-- DATA SHOWN follows --
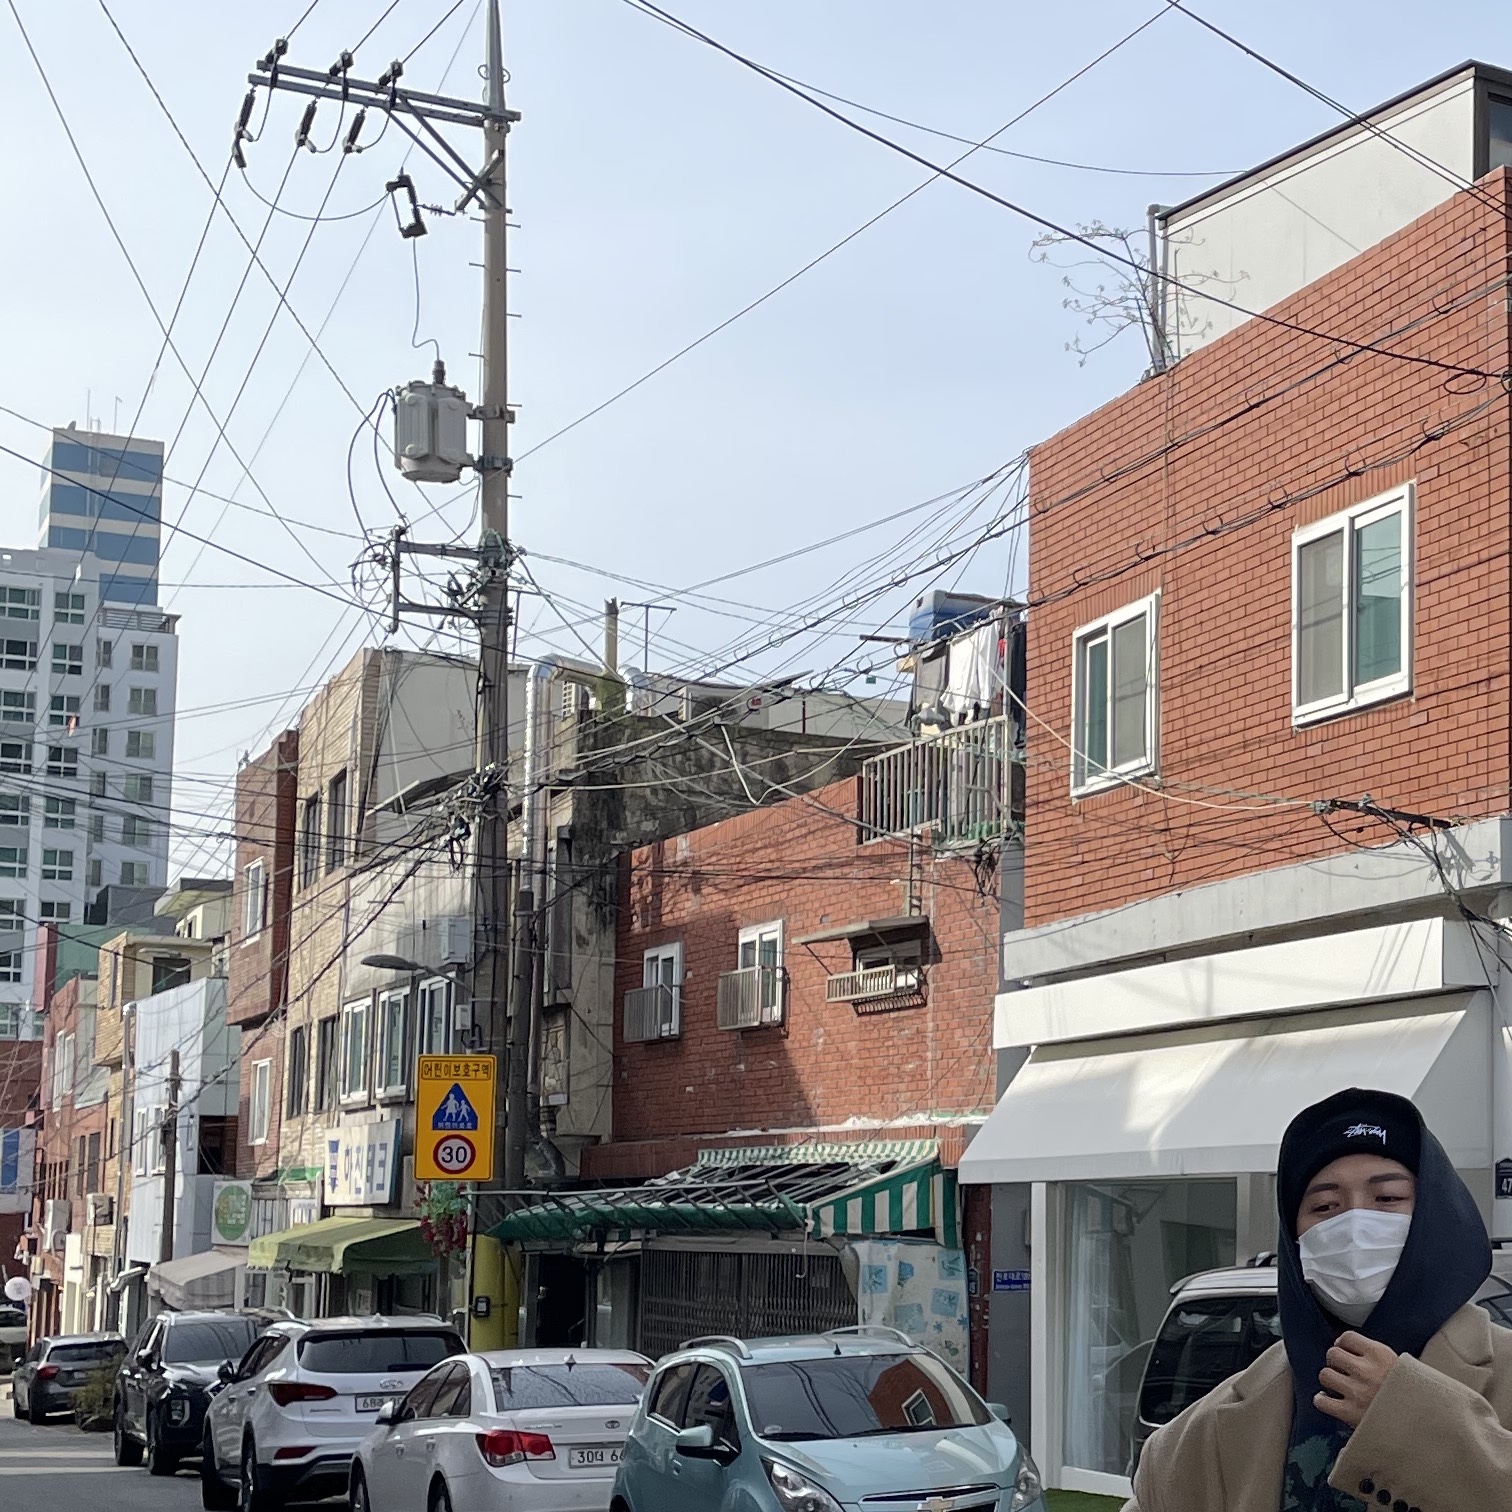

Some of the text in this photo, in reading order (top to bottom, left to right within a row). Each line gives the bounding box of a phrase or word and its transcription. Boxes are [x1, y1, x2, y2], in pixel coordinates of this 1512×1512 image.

[423, 1062, 490, 1078] 어린이보호구역
[441, 1146, 468, 1164] 30
[1501, 1177, 1512, 1193] 47
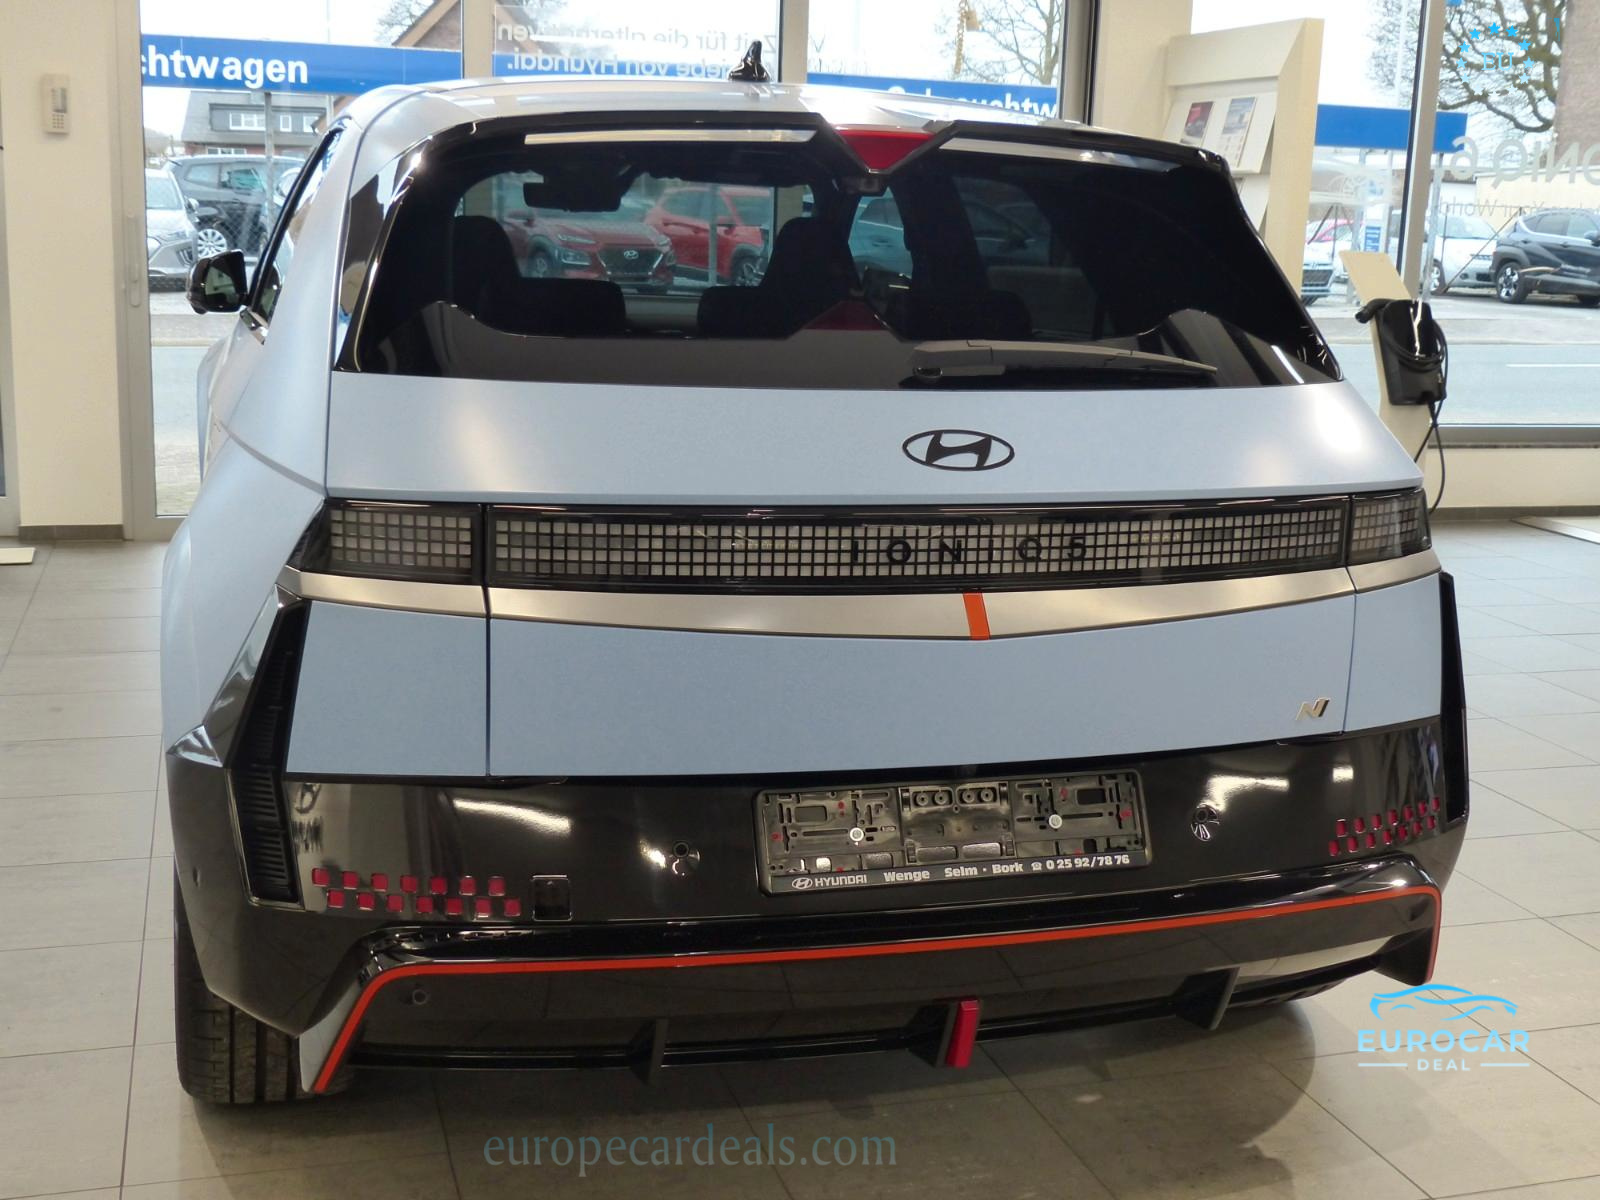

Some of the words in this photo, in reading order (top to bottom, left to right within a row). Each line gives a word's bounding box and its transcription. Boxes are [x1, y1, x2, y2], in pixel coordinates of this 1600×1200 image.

[852, 537, 1043, 565] IONIQ
[1067, 535, 1087, 562] 5
[814, 874, 867, 887] HYUNDAI
[883, 869, 930, 882] Wenge
[944, 865, 978, 878] Selm
[991, 862, 1024, 874] Bork
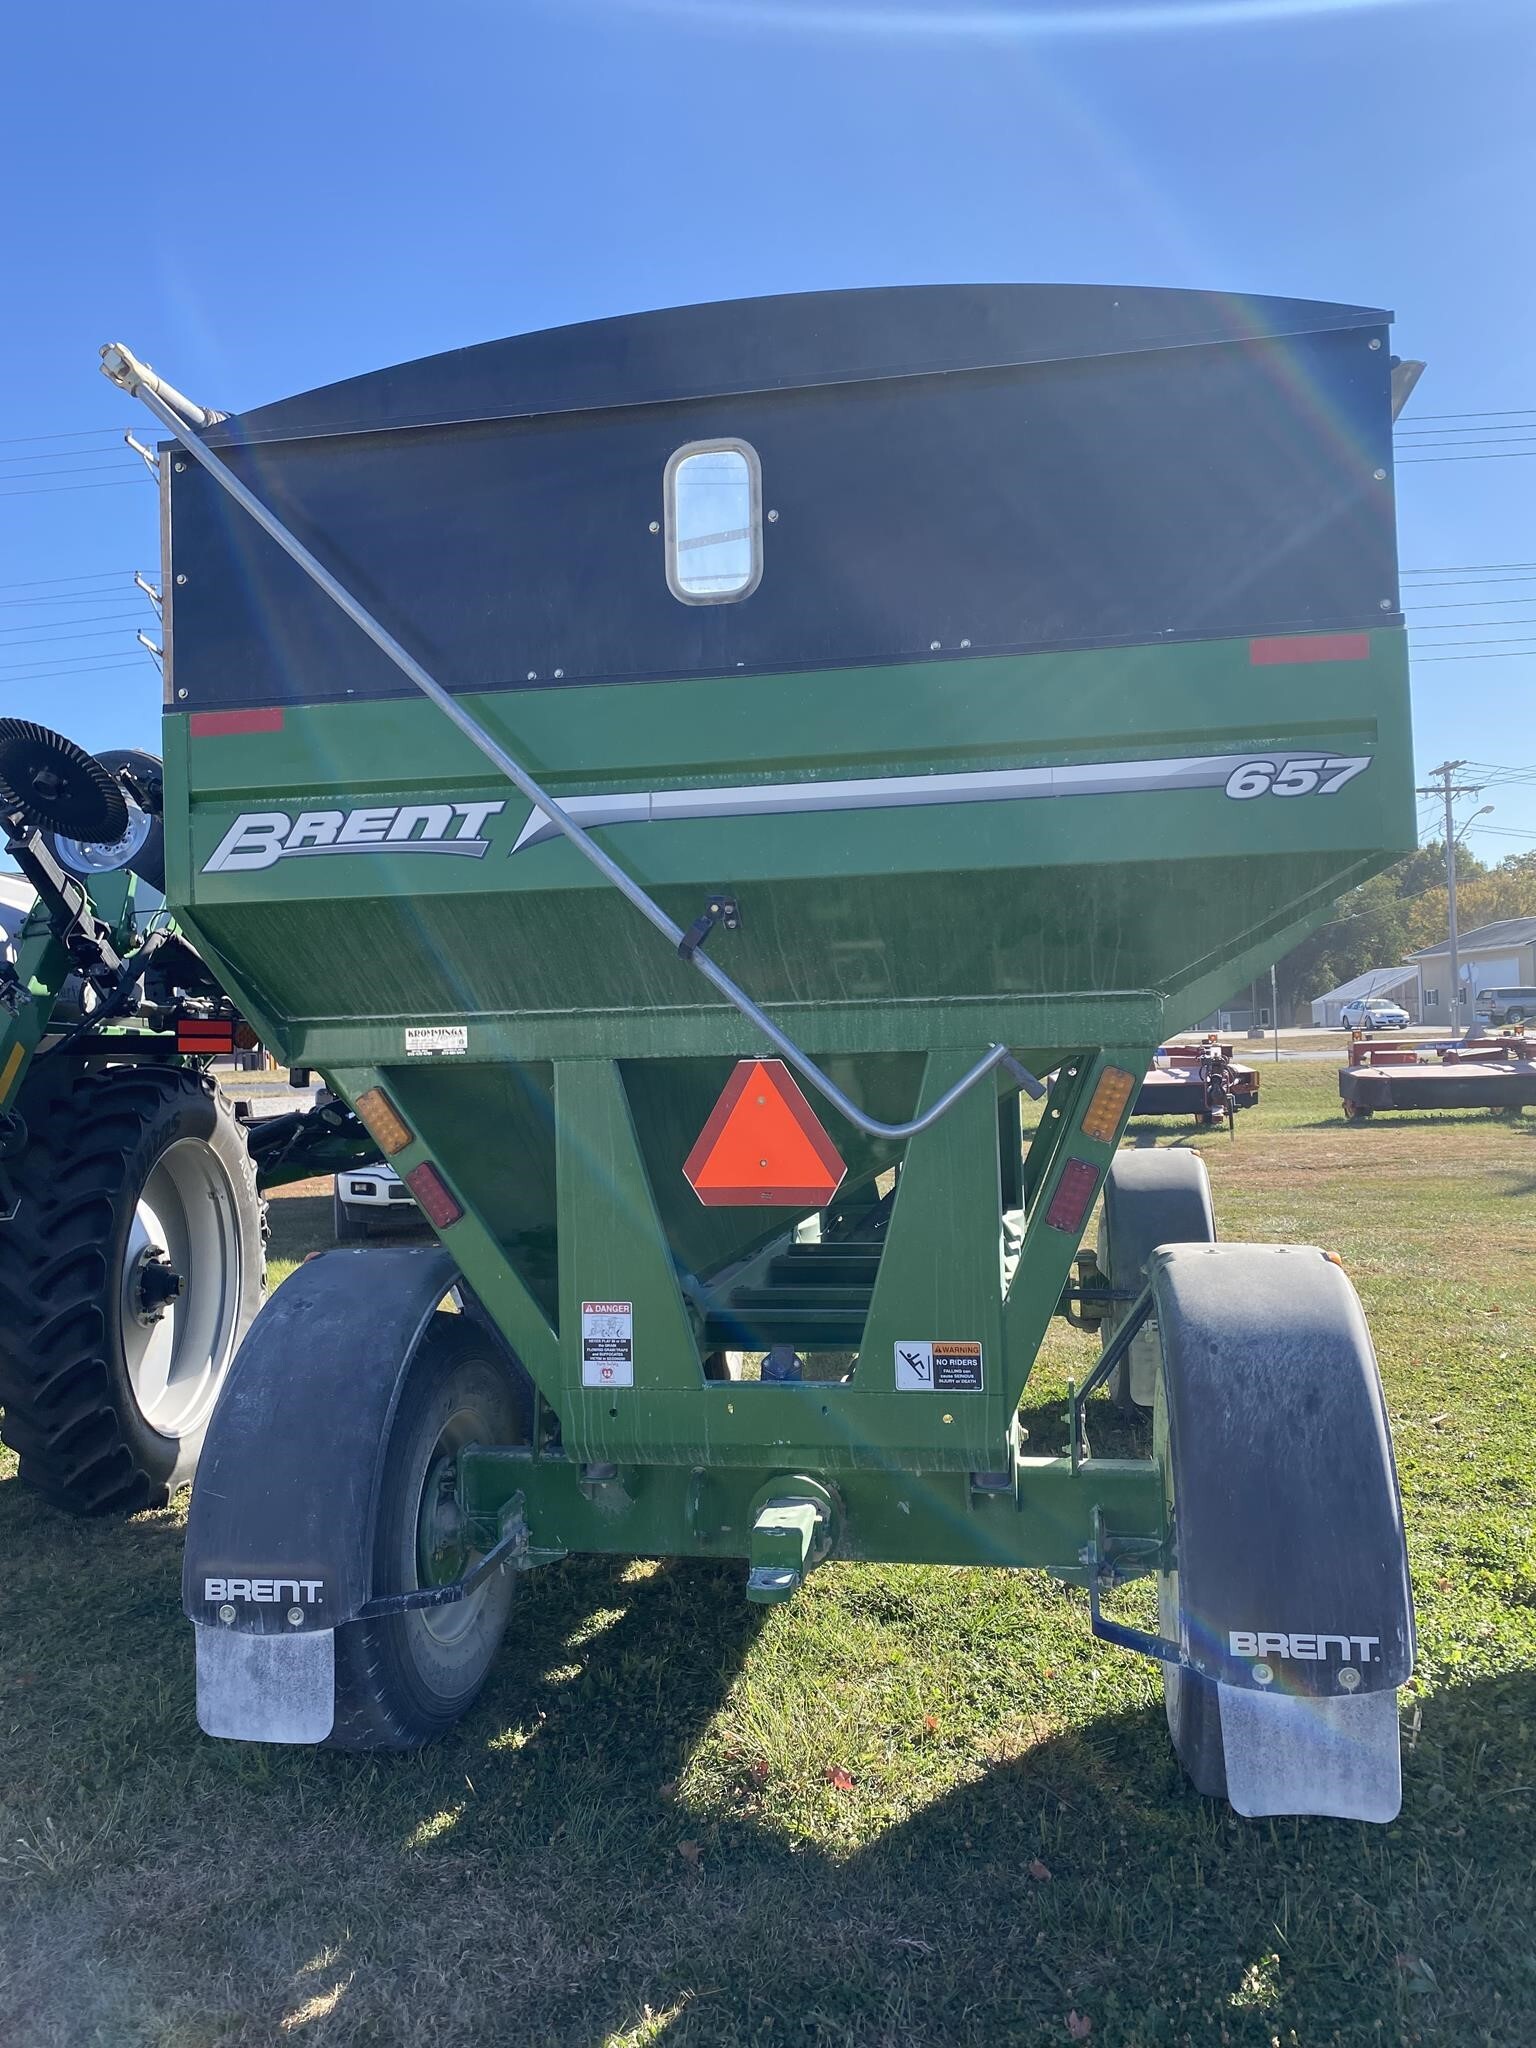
-- DATA SHOWN concluded --
▶ **WORK REQUIRED**
Reproduce exactly, with every picture left out, the lines from the one that contains "Some of the words" to the final line of the records above.

▶ **ANSWER TO THIS EXERCISE**
Some of the words in this photo, in reading order (top to bottom, left to right within a row). Each line gives a word's bounding box and its transcription. Boxes are [x1, y1, x2, y2], in pixel coordinates of this 1600×1200 image.

[852, 537, 1043, 565] IONIQ
[1067, 535, 1087, 562] 5
[814, 874, 867, 887] HYUNDAI
[883, 869, 930, 882] Wenge
[944, 865, 978, 878] Selm
[991, 862, 1024, 874] Bork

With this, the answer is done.